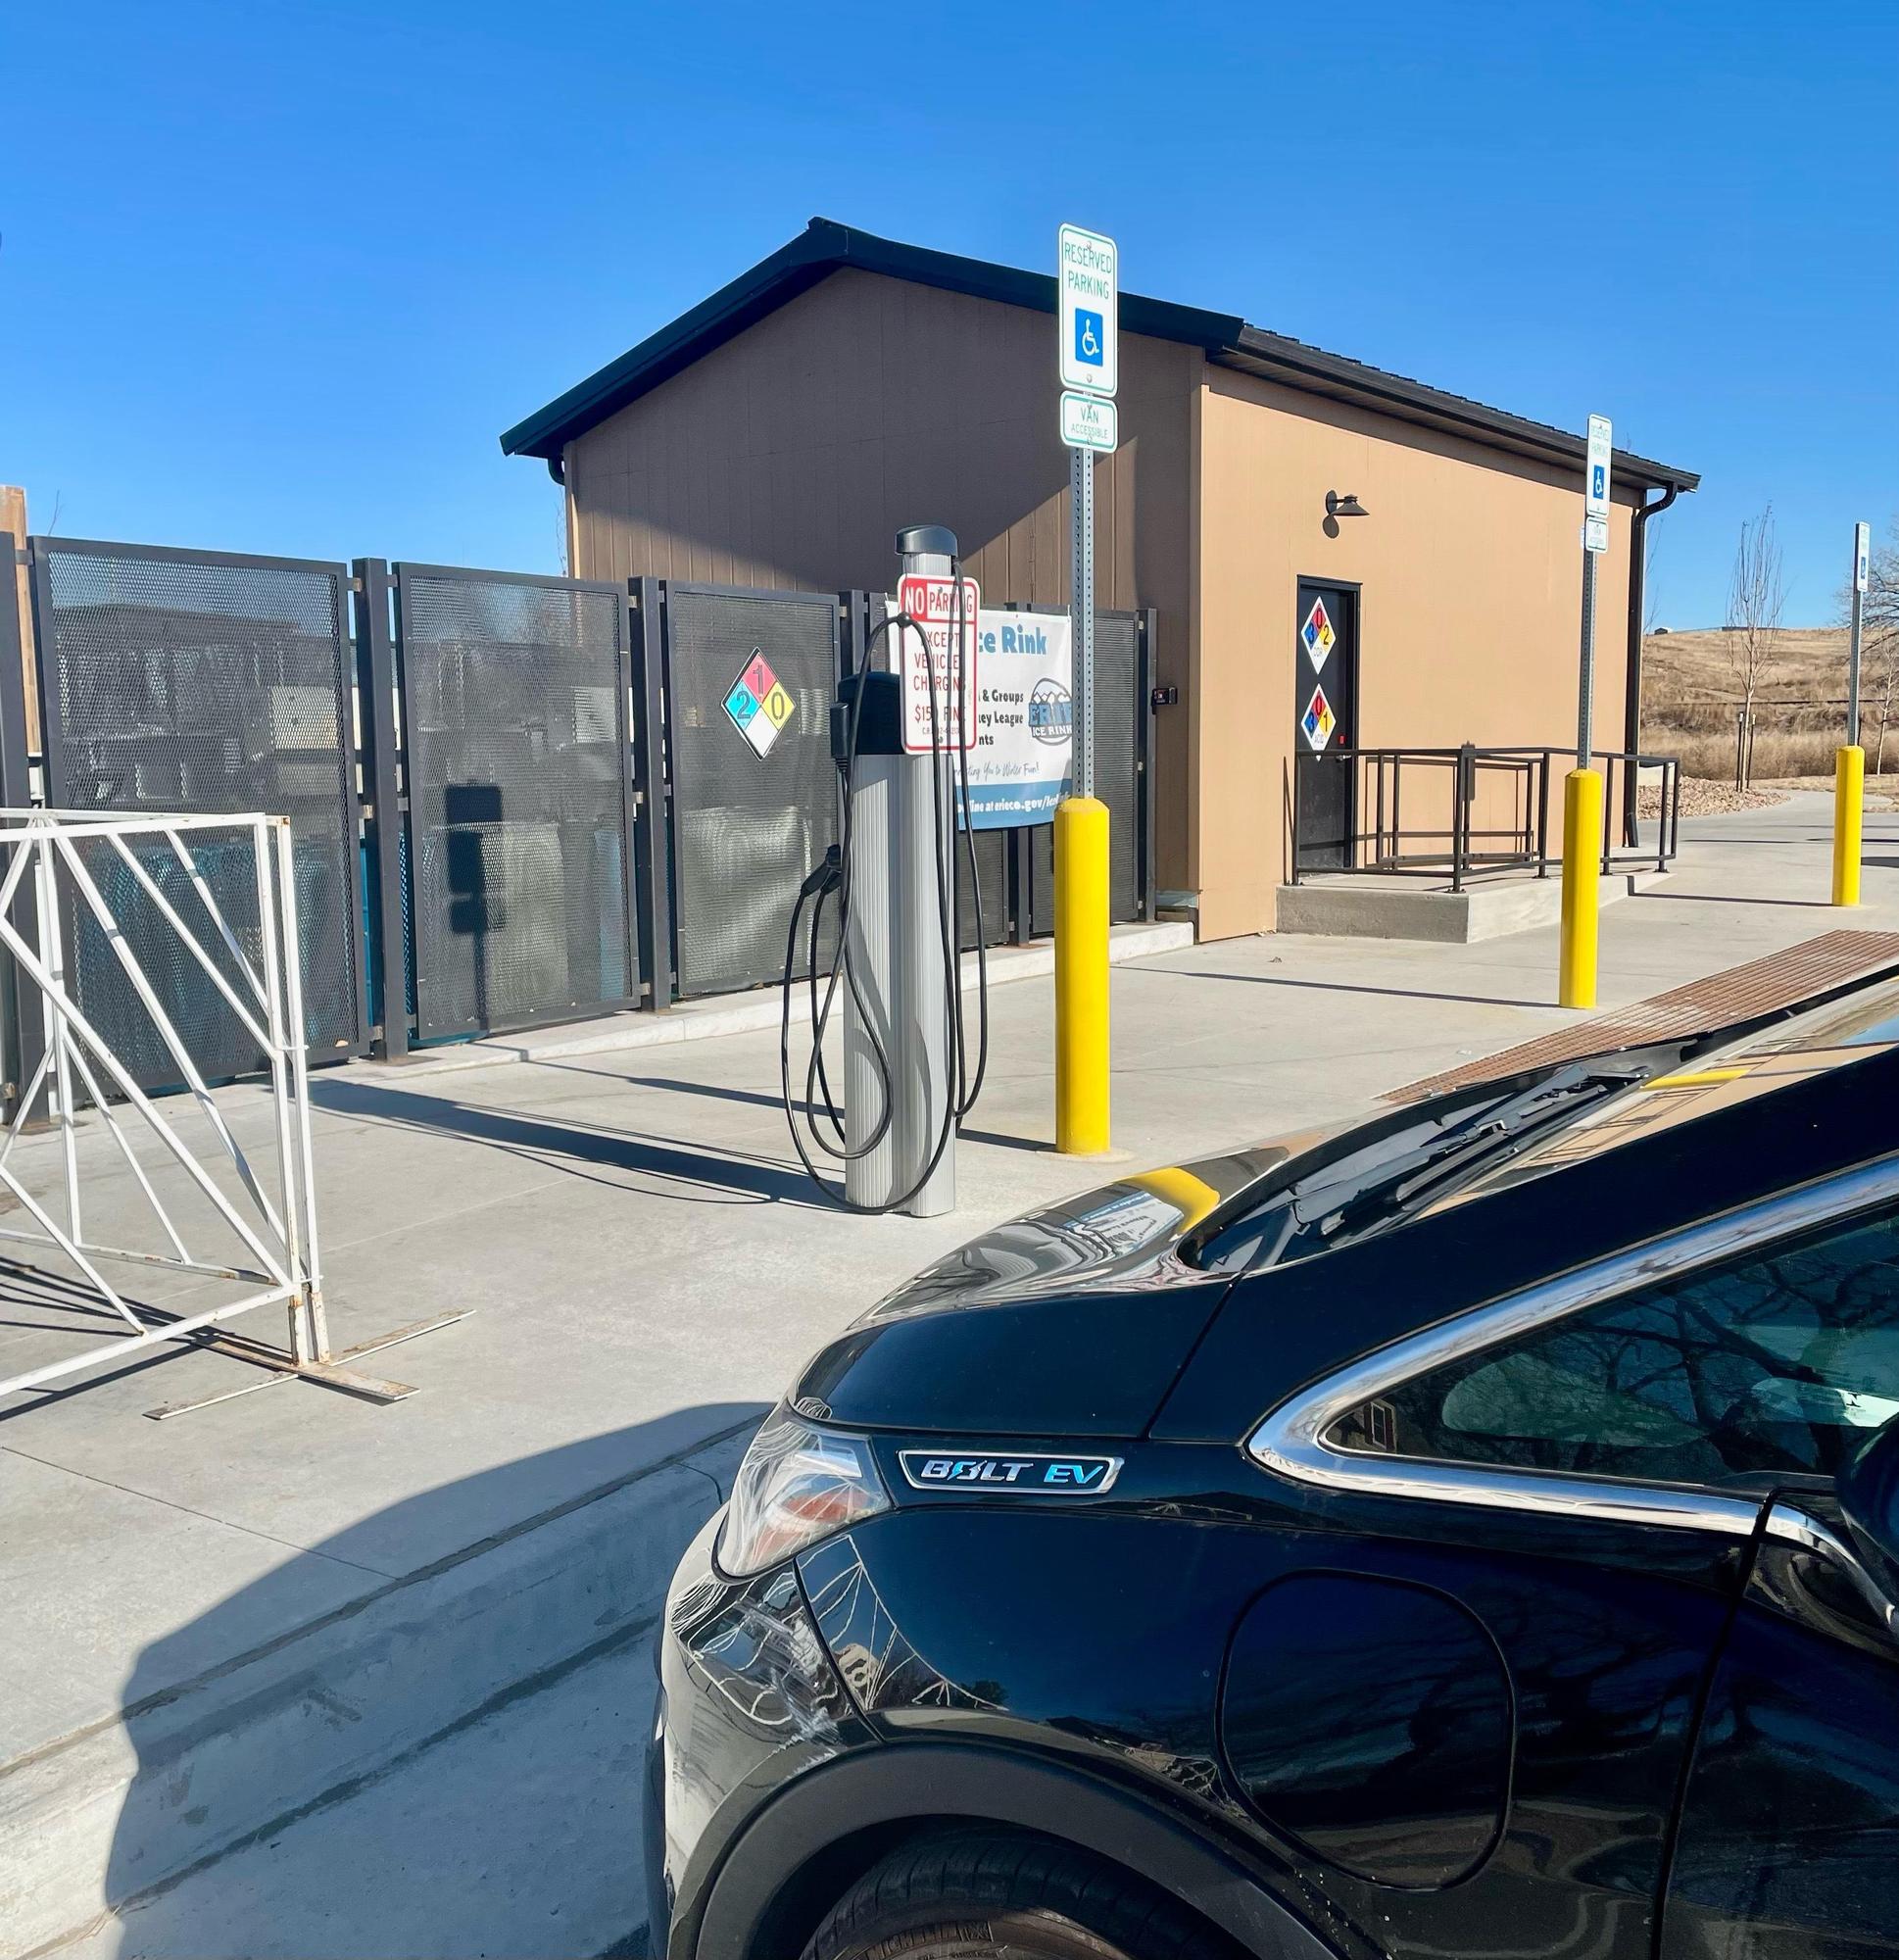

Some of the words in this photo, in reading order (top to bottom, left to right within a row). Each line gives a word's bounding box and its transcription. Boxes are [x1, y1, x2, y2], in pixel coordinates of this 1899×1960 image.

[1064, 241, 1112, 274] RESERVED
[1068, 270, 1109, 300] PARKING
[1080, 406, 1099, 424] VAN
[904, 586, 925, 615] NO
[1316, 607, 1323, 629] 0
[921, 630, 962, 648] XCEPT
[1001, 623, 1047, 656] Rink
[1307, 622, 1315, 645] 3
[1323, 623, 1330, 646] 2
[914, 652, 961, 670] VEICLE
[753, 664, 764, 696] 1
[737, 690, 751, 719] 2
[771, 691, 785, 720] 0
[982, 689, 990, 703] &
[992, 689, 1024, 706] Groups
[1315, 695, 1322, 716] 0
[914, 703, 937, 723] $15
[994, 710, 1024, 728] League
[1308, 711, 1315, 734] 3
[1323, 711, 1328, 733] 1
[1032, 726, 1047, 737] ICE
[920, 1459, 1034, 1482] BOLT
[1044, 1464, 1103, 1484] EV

++++++++++

▸ **Task details**:
Omitting the images, output each record precisely as written.

▸ **Exercise result**:
Some of the words in this photo, in reading order (top to bottom, left to right within a row). Each line gives a word's bounding box and its transcription. Boxes are [x1, y1, x2, y2], in pixel coordinates of this 1899×1960 image.

[1064, 241, 1112, 274] RESERVED
[1068, 270, 1109, 300] PARKING
[1080, 406, 1099, 424] VAN
[904, 586, 925, 615] NO
[1316, 607, 1323, 629] 0
[921, 630, 962, 648] XCEPT
[1001, 623, 1047, 656] Rink
[1307, 622, 1315, 645] 3
[1323, 623, 1330, 646] 2
[914, 652, 961, 670] VEICLE
[753, 664, 764, 696] 1
[737, 690, 751, 719] 2
[771, 691, 785, 720] 0
[982, 689, 990, 703] &
[992, 689, 1024, 706] Groups
[1315, 695, 1322, 716] 0
[914, 703, 937, 723] $15
[994, 710, 1024, 728] League
[1308, 711, 1315, 734] 3
[1323, 711, 1328, 733] 1
[1032, 726, 1047, 737] ICE
[920, 1459, 1034, 1482] BOLT
[1044, 1464, 1103, 1484] EV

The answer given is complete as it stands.